*Required action*
Repeat all of the entries, please, keeping each line exact.

** Opening Records supplied block **

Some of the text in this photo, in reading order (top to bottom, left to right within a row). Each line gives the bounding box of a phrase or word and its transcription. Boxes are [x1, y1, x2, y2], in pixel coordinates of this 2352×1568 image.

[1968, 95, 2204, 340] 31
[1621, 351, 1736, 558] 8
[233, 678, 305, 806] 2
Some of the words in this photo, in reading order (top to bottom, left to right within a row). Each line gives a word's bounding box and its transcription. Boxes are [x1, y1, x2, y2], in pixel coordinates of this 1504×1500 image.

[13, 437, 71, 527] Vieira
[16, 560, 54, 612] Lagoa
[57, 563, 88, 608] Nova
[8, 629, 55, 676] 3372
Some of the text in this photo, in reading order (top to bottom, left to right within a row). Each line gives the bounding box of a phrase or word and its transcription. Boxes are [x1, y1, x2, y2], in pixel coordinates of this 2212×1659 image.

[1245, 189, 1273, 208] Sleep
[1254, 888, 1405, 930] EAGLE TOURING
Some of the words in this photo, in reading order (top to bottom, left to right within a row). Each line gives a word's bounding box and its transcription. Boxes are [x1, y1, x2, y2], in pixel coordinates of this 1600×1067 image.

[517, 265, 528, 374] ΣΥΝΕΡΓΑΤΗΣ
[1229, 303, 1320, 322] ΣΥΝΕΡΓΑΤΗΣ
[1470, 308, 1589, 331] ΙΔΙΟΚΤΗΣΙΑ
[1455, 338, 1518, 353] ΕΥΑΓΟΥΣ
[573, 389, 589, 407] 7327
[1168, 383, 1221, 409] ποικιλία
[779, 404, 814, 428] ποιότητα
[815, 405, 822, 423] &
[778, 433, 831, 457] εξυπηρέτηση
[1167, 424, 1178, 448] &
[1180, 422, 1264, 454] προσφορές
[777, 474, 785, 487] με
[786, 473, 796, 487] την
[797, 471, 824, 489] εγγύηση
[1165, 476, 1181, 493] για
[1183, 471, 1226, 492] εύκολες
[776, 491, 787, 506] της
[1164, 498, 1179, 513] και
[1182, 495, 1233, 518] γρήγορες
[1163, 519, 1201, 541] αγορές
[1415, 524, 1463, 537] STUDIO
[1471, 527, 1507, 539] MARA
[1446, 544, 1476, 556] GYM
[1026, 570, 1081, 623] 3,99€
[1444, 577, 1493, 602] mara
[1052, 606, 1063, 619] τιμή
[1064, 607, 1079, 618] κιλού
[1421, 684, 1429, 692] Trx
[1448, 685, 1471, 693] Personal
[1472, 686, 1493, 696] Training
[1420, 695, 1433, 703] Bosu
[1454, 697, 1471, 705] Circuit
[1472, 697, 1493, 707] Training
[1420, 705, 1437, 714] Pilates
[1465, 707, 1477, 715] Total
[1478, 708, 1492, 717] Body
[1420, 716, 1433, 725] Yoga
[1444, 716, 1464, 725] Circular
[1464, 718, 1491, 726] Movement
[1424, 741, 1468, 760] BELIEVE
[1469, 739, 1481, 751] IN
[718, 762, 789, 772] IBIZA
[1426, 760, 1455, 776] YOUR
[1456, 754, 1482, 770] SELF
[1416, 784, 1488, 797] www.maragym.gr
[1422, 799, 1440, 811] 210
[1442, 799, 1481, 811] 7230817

** Closing Records supplied block **

*Finished task*
Some of the text in this photo, in reading order (top to bottom, left to right within a row). Each line gives the bounding box of a phrase or word and its transcription. Boxes are [x1, y1, x2, y2], in pixel coordinates of this 2352×1568 image.

[1968, 95, 2204, 340] 31
[1621, 351, 1736, 558] 8
[233, 678, 305, 806] 2
Some of the words in this photo, in reading order (top to bottom, left to right within a row). Each line gives a word's bounding box and its transcription. Boxes are [x1, y1, x2, y2], in pixel coordinates of this 1504×1500 image.

[13, 437, 71, 527] Vieira
[16, 560, 54, 612] Lagoa
[57, 563, 88, 608] Nova
[8, 629, 55, 676] 3372
Some of the text in this photo, in reading order (top to bottom, left to right within a row). Each line gives the bounding box of a phrase or word and its transcription. Boxes are [x1, y1, x2, y2], in pixel coordinates of this 2212×1659 image.

[1245, 189, 1273, 208] Sleep
[1254, 888, 1405, 930] EAGLE TOURING
Some of the words in this photo, in reading order (top to bottom, left to right within a row). Each line gives a word's bounding box and its transcription. Boxes are [x1, y1, x2, y2], in pixel coordinates of this 1600×1067 image.

[517, 265, 528, 374] ΣΥΝΕΡΓΑΤΗΣ
[1229, 303, 1320, 322] ΣΥΝΕΡΓΑΤΗΣ
[1470, 308, 1589, 331] ΙΔΙΟΚΤΗΣΙΑ
[1455, 338, 1518, 353] ΕΥΑΓΟΥΣ
[573, 389, 589, 407] 7327
[1168, 383, 1221, 409] ποικιλία
[779, 404, 814, 428] ποιότητα
[815, 405, 822, 423] &
[778, 433, 831, 457] εξυπηρέτηση
[1167, 424, 1178, 448] &
[1180, 422, 1264, 454] προσφορές
[777, 474, 785, 487] με
[786, 473, 796, 487] την
[797, 471, 824, 489] εγγύηση
[1165, 476, 1181, 493] για
[1183, 471, 1226, 492] εύκολες
[776, 491, 787, 506] της
[1164, 498, 1179, 513] και
[1182, 495, 1233, 518] γρήγορες
[1163, 519, 1201, 541] αγορές
[1415, 524, 1463, 537] STUDIO
[1471, 527, 1507, 539] MARA
[1446, 544, 1476, 556] GYM
[1026, 570, 1081, 623] 3,99€
[1444, 577, 1493, 602] mara
[1052, 606, 1063, 619] τιμή
[1064, 607, 1079, 618] κιλού
[1421, 684, 1429, 692] Trx
[1448, 685, 1471, 693] Personal
[1472, 686, 1493, 696] Training
[1420, 695, 1433, 703] Bosu
[1454, 697, 1471, 705] Circuit
[1472, 697, 1493, 707] Training
[1420, 705, 1437, 714] Pilates
[1465, 707, 1477, 715] Total
[1478, 708, 1492, 717] Body
[1420, 716, 1433, 725] Yoga
[1444, 716, 1464, 725] Circular
[1464, 718, 1491, 726] Movement
[1424, 741, 1468, 760] BELIEVE
[1469, 739, 1481, 751] IN
[718, 762, 789, 772] IBIZA
[1426, 760, 1455, 776] YOUR
[1456, 754, 1482, 770] SELF
[1416, 784, 1488, 797] www.maragym.gr
[1422, 799, 1440, 811] 210
[1442, 799, 1481, 811] 7230817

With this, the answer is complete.